In 1993, the life expectancy of males in a certain country was 61.3 years. In 1999, it was 64.7 years. Let E represent the life expectancy in year t and let t represent the number of years since 1993.

The linear function E(t) that fits the data is?
answer: E(t)=-0.03t+61.3

use function to predict life expectancy in 2003
answer: 61.6

Isn't the first term negative.

yes so the answer would be 61 correct?

To find the linear function E(t) that fits the given data, we can use the concept of linear regression. Linear regression helps us find the line of best fit for a given set of data points. In this case, we have two data points: (0, 61.3) and (6, 64.7), representing the life expectancy in 1993 and 1999, respectively.

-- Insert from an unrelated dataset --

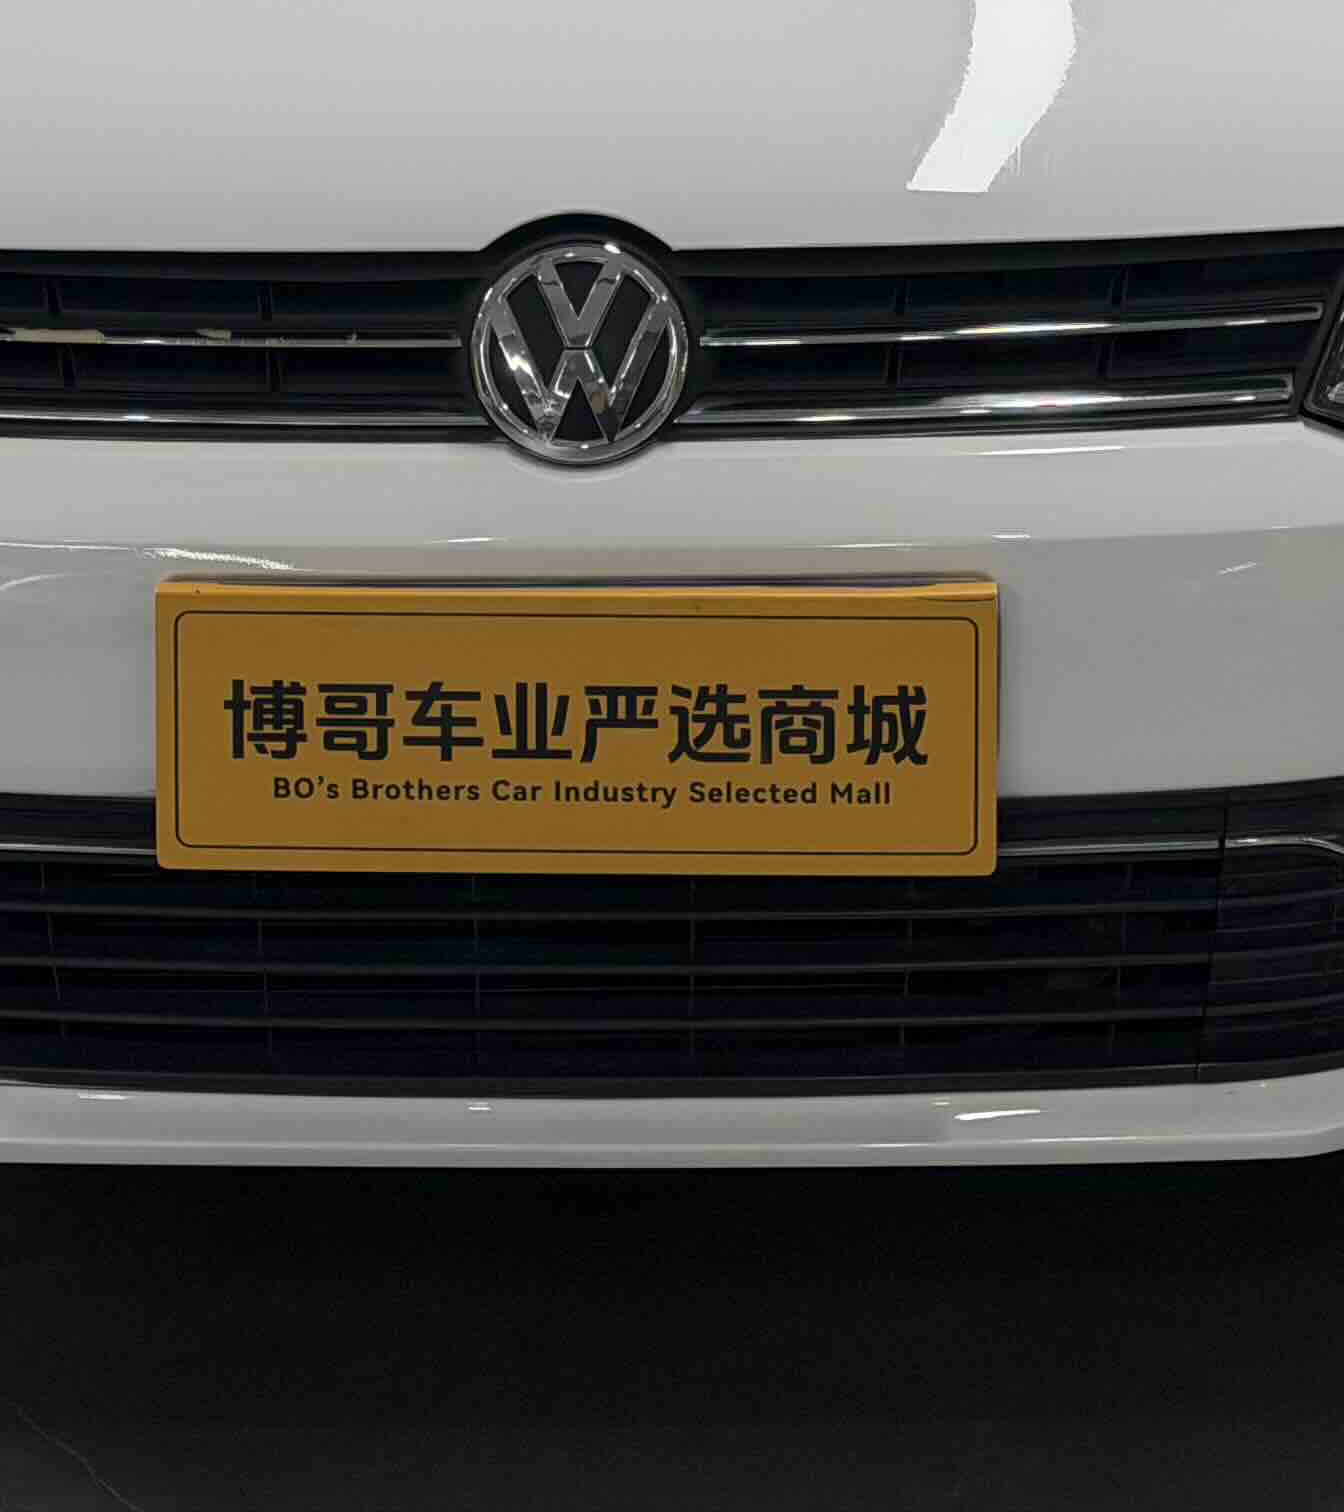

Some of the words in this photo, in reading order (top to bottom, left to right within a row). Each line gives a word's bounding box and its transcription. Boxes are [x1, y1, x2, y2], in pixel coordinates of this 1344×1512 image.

First, we need to find the slope of the line. The formula for slope, m, is given by:

m = (y2 - y1) / (x2 - x1)

Substituting the values from the data points into the formula, we get:

m = (64.7 - 61.3) / (6 - 0)
= 3.4 / 6
= 0.5667

Next, we need to find the y-intercept, b, which represents the value of E(t) when t = 0. We can use one of the data points and the slope to find the value of b. Let's use the point (0, 61.3):

61.3 = 0.5667(0) + b
b = 61.3

Now we have the slope and the y-intercept, which we can use to write the equation of the linear function:

E(t) = mt + b
E(t) = 0.5667t + 61.3

To predict the life expectancy in 2003, we need to find the value of E(t) when t = 10 (since 2003 is 10 years after 1993):

E(10) = 0.5667(10) + 61.3
= 5.667 + 61.3
= 67.967

Therefore, the predicted life expectancy in 2003 is 67.967 years.